Sex, Murder and the Meaning of Life

Sex Murder and the Meaning of LifeThere’s a motif from philosophy about the human condition that our nature exists everywhere from the basest carnality and desire to the loftiest reaches of intellect and morality. How the two exist in the same creature has caused not just debate but considerable tension in relations from the familial to the geopolitical.

The idea behind Douglas Kenrick’s Sex, Murder and the Meaning of Life is that the wildly varied mind states and drives we occupy are closely connected. For a long time after Dawkins introduced and galvanised a new generation to Darwin’s ideas it was fashionable to consider us essentially selfish, the smooth running of society arising organically out of mass competition. More recent theories claim altruism’s actually been as successful a survival strategy as rivalry.
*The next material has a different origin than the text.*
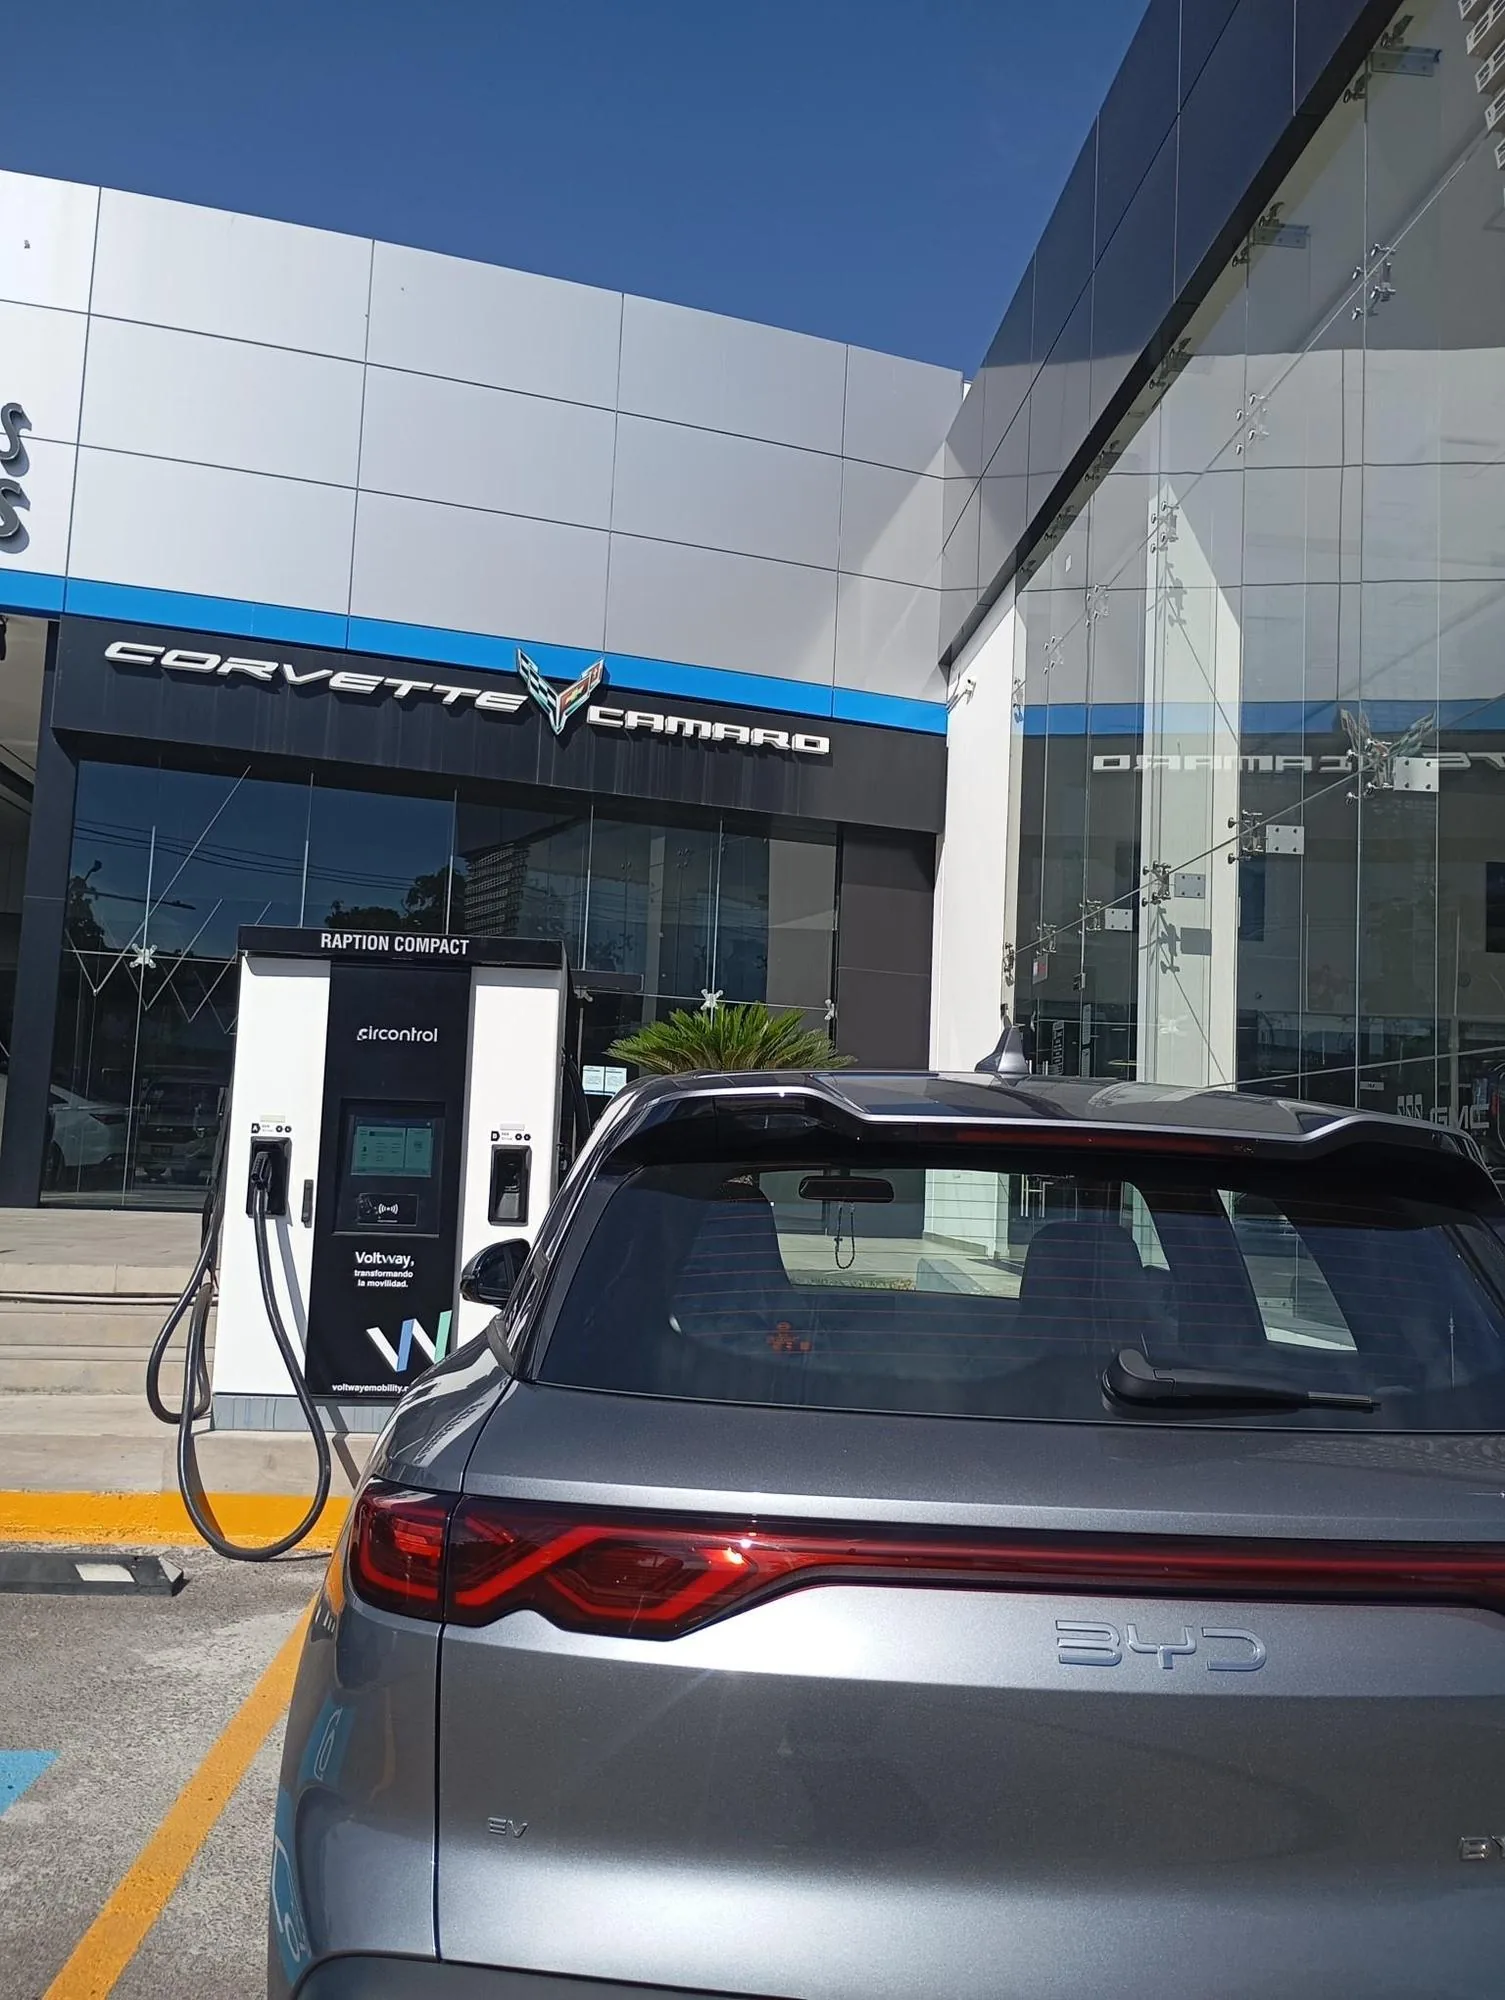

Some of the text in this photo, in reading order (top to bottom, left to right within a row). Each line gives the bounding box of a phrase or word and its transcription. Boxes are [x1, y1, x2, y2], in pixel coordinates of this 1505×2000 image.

Sex, Murder and the Meaning of Life sketches a picture of those connections, how our behaviour in our own interests has combined on a global scale to produce everything from animal skins to electron microscopes.

His thesis is the result of a shift in the study of psychology in the 1970s. Traditional Freudian psychoanalysts subscribed to dark, seamy storms of conflict in adulthood as a result of our relationships in infancy, but a number of rogue researchers thought psychology was more connected with the same biology that made us leave the trees and walk upright.